Once you click on the “Create New App” button you will go to the Create an Application screen. There are three fields, a click box and a button you need to click on this page. The three fields are Name, Description and Website. The name of the application must be unique so this may take a few tries. The description needs to be at least 10 character long, and put in a website. If you do not have one you can use https://bigcomputing.blogspot.com. Now click the “Yes, I agree” box for the license agreement and click the “Create your Twitter application”.
library(twitteR)
consumer_key <- consumer_key_nt
consumer_secret <- consumer_secret_nt
access_token <- access_token_nt
access_secret <- access_secret_nt
setup_twitter_oauth(consumer_key, consumer_secret, access_token, access_secret)
## [1] "Using direct authentication"
Now let’s search for fakenews, plot the frequent words within these tweets, and do a quick sentiment analysis.
library(tidyverse)
library(twitteR)
fn_twitter <- searchTwitter("#Houston",n=1000,lang="en")
fn_twitter_df <- twListToDF(fn_twitter) # Convert to data frame
tweet_words <- fn_twitter_df %>% select(id, text) %>% unnest_tokens(word,text)
tweet_words %>% count(word,sort=T) %>% slice(1:20) %>%
ggplot(aes(x = reorder(word,
n, function(n) -n), y = n)) + geom_bar(stat = "identity") + theme(axis.text.x = element_text(angle = 60,
hjust = 1)) + xlab("")
# Create a list of stop words: a list of words that are not worth including
my_stop_words <- stop_words %>% select(-lexicon) %>%
bind_rows(data.frame(word = c("https", "t.co", "rt", "amp","4yig9gzh5t","fyy2ceydhi","78","fakenews")))
tweet_words_interesting <- tweet_words %>% anti_join(my_stop_words)
tweet_words_interesting %>% group_by(word) %>% tally(sort=TRUE) %>% slice(1:25) %>% ggplot(aes(x = reorder(word,
n, function(n) -n), y = n)) + geom_bar(stat = "identity") + theme(axis.text.x = element_text(angle = 60,
hjust = 1)) + xlab("")
bing_lex <- get_sentiments("nrc")
fn_sentiment <- tweet_words_interesting %>% left_join(bing_lex)

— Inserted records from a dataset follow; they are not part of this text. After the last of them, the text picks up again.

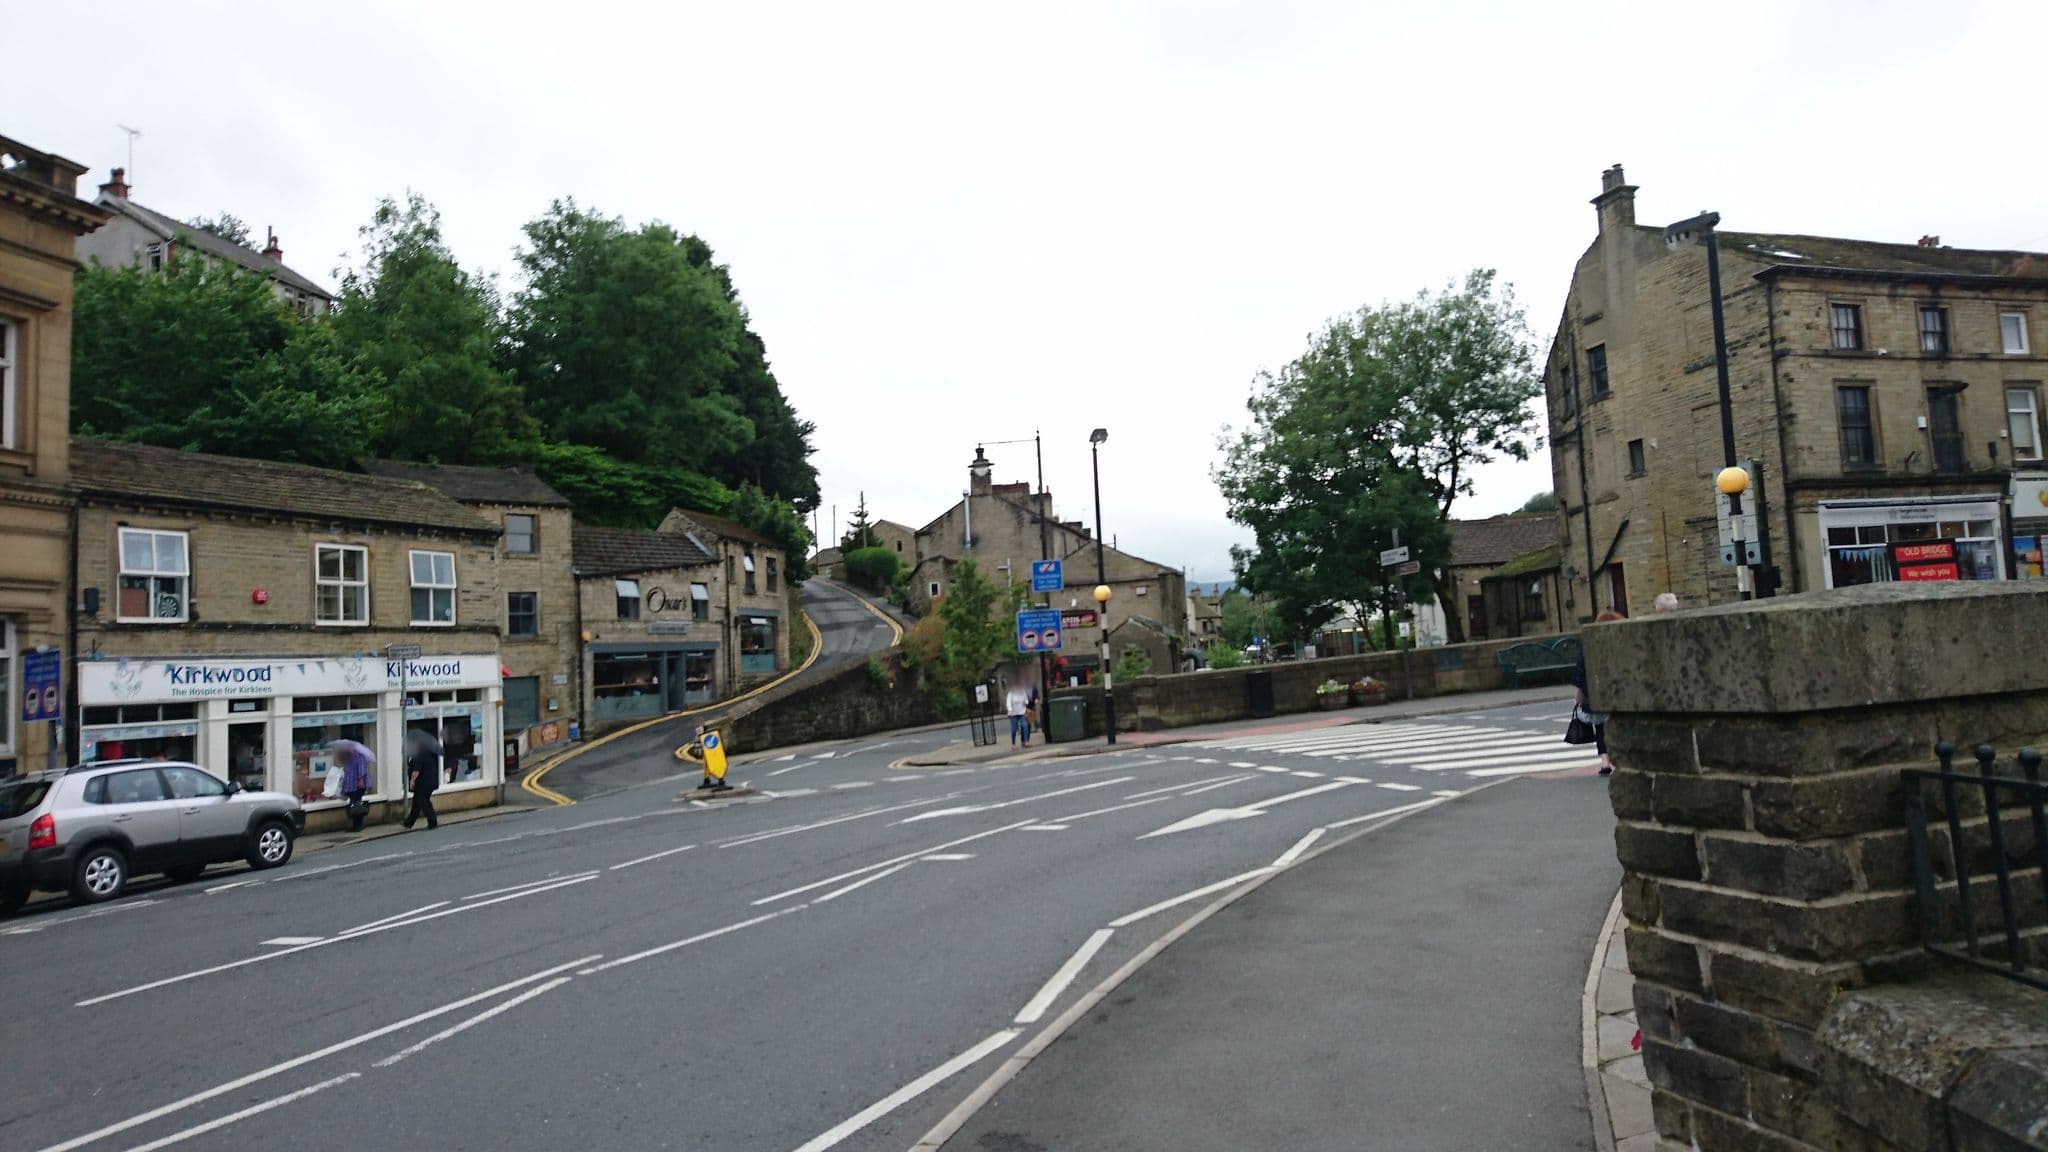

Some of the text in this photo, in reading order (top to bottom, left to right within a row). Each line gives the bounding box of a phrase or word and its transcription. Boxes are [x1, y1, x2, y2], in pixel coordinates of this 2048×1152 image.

[1904, 546, 1920, 556] OLD
[1937, 567, 1950, 577] you
[171, 664, 271, 684] Kirkwood
[172, 688, 186, 696] The
[189, 687, 222, 696] Hospice
[225, 686, 236, 694] for
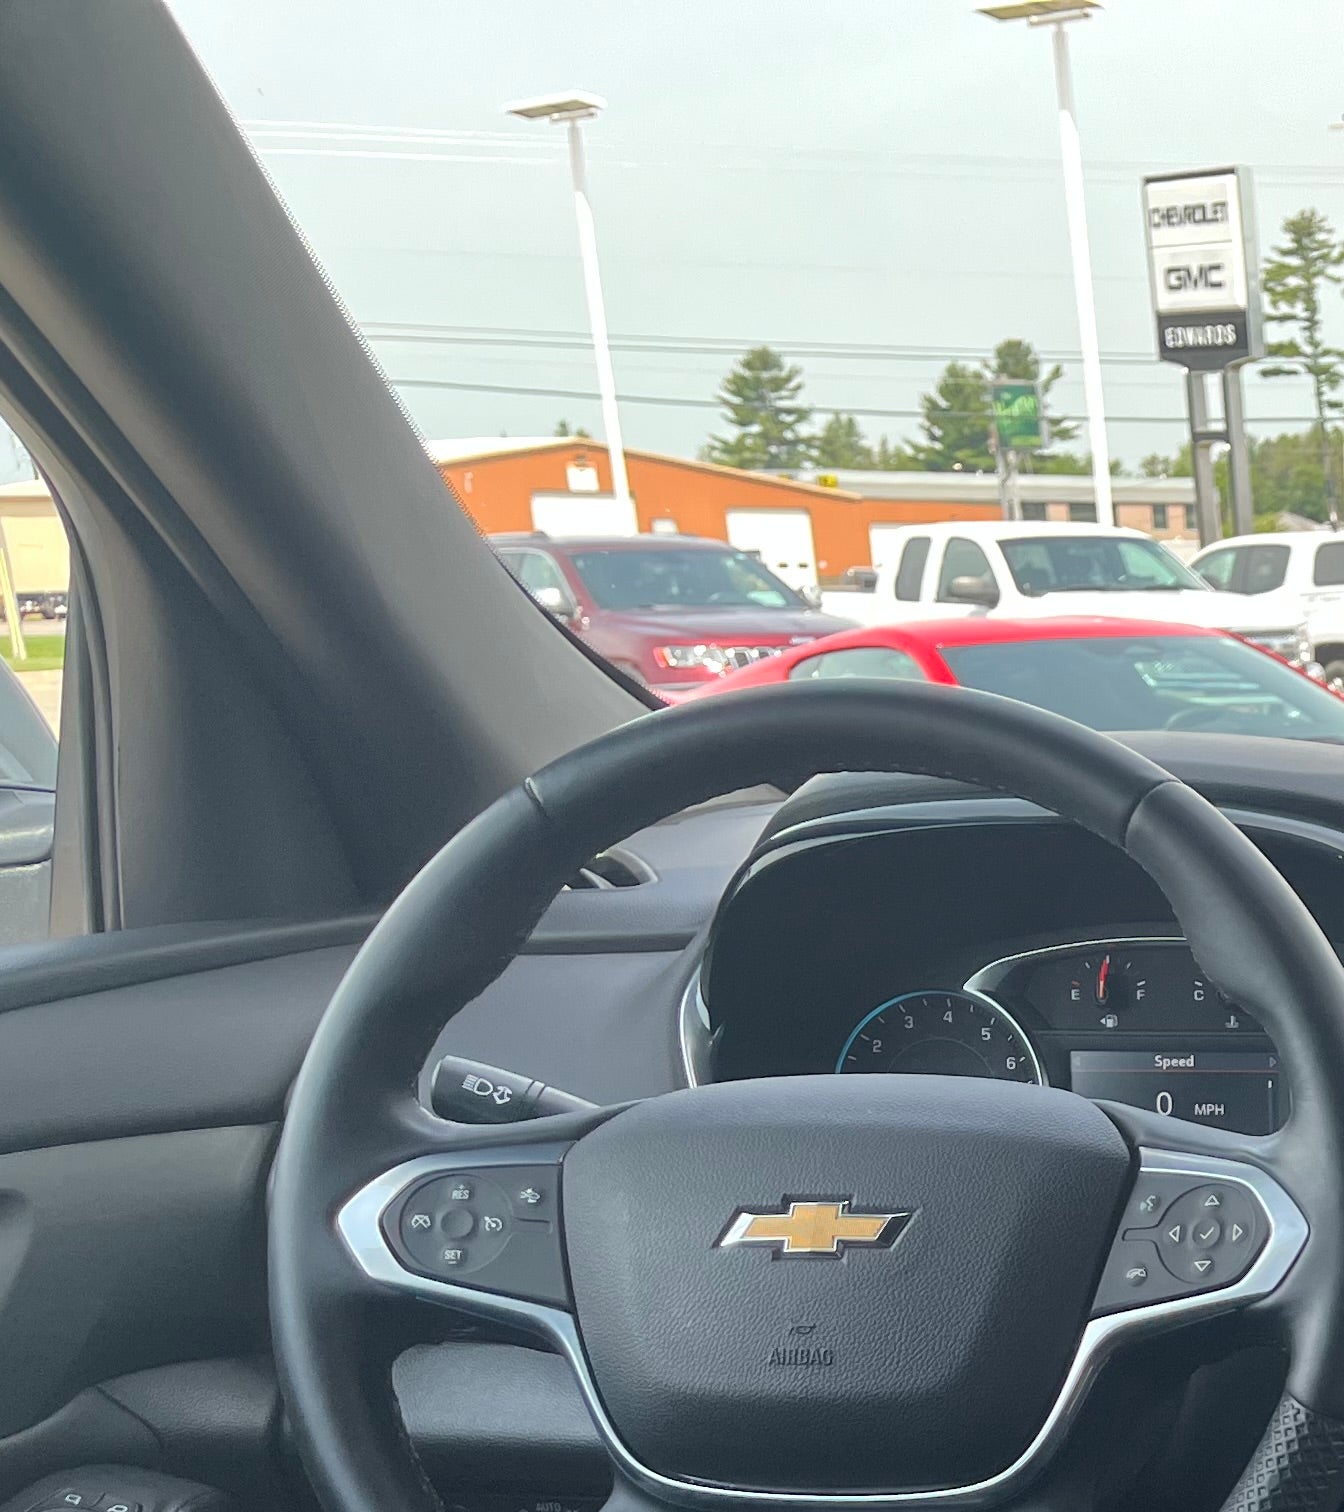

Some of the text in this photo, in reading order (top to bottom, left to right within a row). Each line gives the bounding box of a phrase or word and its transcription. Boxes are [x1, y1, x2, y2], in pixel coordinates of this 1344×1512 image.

fn_sentiment %>% filter(!is.na(sentiment)) %>% group_by(sentiment) %>% summarise(n=n())
## # A tibble: 10 x 2
## sentiment n
## <chr> <int>
## 1 anger 124
## 2 anticipation 245
## 3 disgust 80
## 4 fear 191
## 5 joy 315
## 6 negative 552
## 7 positive 1023
## 8 sadness 249
## 9 surprise 128
## 10 trust 569
Let’s do a similar analysis for travel ban tweets.
library(tidyverse)
library(twitteR)
tb_twitter <- searchTwitter("travelban",n=1000)
tb_twitter_df <- twListToDF(tb_twitter) # Convert to data frame
tweet_words <- tb_twitter_df %>% select(id, text) %>% unnest_tokens(word,text)
tweet_words %>% count(word,sort=T) %>% slice(1:20) %>%
ggplot(aes(x = reorder(word,
n, function(n) -n), y = n)) + geom_bar(stat = "identity") + theme(axis.text.x = element_text(angle = 60,
hjust = 1)) + xlab("")
# Create a list of stop words: a list of words that are not worth including
my_stop_words <- stop_words %>% select(-lexicon) %>%
bind_rows(data.frame(word = c("https", "t.co", "rt", "amp","travelban")))
tweet_words_interesting <- tweet_words %>% anti_join(my_stop_words)
tweet_words_interesting %>% group_by(word) %>% tally(sort=TRUE) %>% slice(1:25) %>% ggplot(aes(x = reorder(word,
n, function(n) -n), y = n)) + geom_bar(stat = "identity") + theme(axis.text.x = element_text(angle = 60,
hjust = 1)) + xlab("")
bing_lex <- get_sentiments("bing")
fn_sentiment <- tweet_words_interesting %>% left_join(bing_lex)
fn_sentiment %>% filter(!is.na(sentiment)) %>% group_by(sentiment) %>% summarise(n=n())
## # A tibble: 2 x 2
## sentiment n
## <chr> <int>
## 1 negative 427
## 2 positive 380